Well, because it matters! This particular relationship and this person matters enough that you would want to go beyond your own comfort zone to BE with the person. And part of the experience is to BE in conflict.

#1 This means, to risk losing the old relationship, so that something new can emerge. And if you don’t allow death and renewal in your existing relationship, one (or both) of you will go outside the relationship to seek the new, which can be with one of your adorable or vulnerable child (who needs and wants your attention), a more understanding or tender partner (who offers you what you miss and desire in an intimate relationship), a more exciting job or hobby (which keeps your mind occupied so you don’t need to think about your current intimacy problems).

#2 This also means, to be willing to get hurt yourself, knowing that you will have to hurt the one you love, by telling the necessary truth. He/she may be shock and upset with you for a while. He/she may never recover or accept you back. But at least it’s an authentic relationship. To cover up or to tell half-truths may prolong the harmonious relationship, but it gets tiring, boring and unreal. You know it, he or she knows it, perceptive people around you both will eventually know it.

Inevitably, psychosomatic symptoms serve a protective function: to provide an outlet for the internal tension that’s building up. Truth is, until and unless we feel secure enough in our relationship, it’s really much easier to focus on the physical pain and illness, than to sit and talk about what’s not working in the relationship and what you and I need from each other.

Dear friends, this is not an encouragement to go home and fight with your spouse, parent or someone you care about.

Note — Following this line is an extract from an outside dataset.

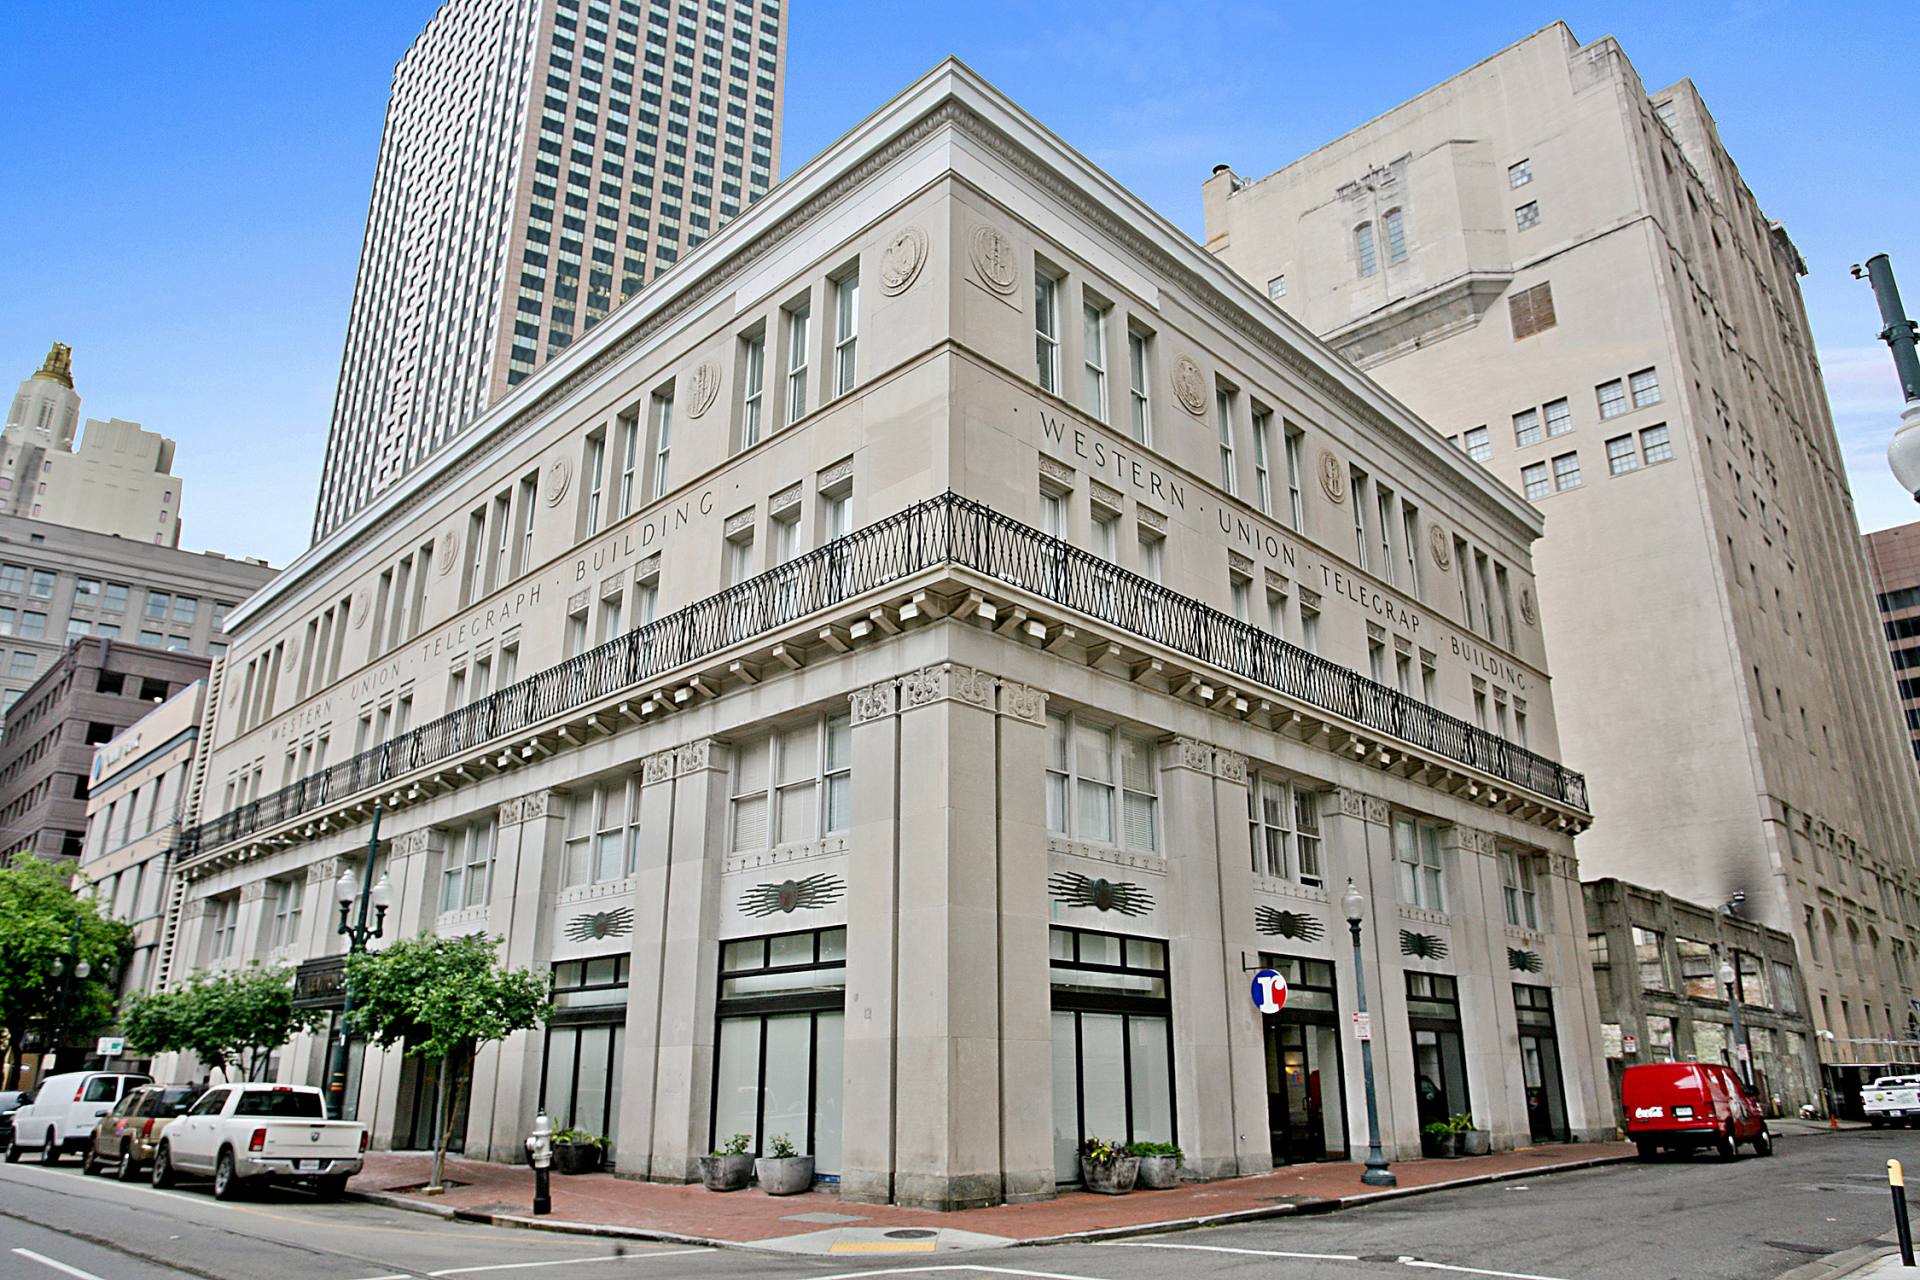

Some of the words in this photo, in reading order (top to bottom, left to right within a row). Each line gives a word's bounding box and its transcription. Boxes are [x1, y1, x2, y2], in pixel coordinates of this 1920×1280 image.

It is, however, an invitation to examine ourselves why we are refraining from certain conversation that we know we need to have. Funny thing is: the more significant a person is to you, the harder it is to speak sometimes.

American civil rights activist Martin Luther King Jr. once said, “If you can’t fly, run. if you can’t run, walk. If you can’t walk, crawl. No matter what, keep moving forward.”

What is one little conversation you can start having with your beloved to move your relationship forward?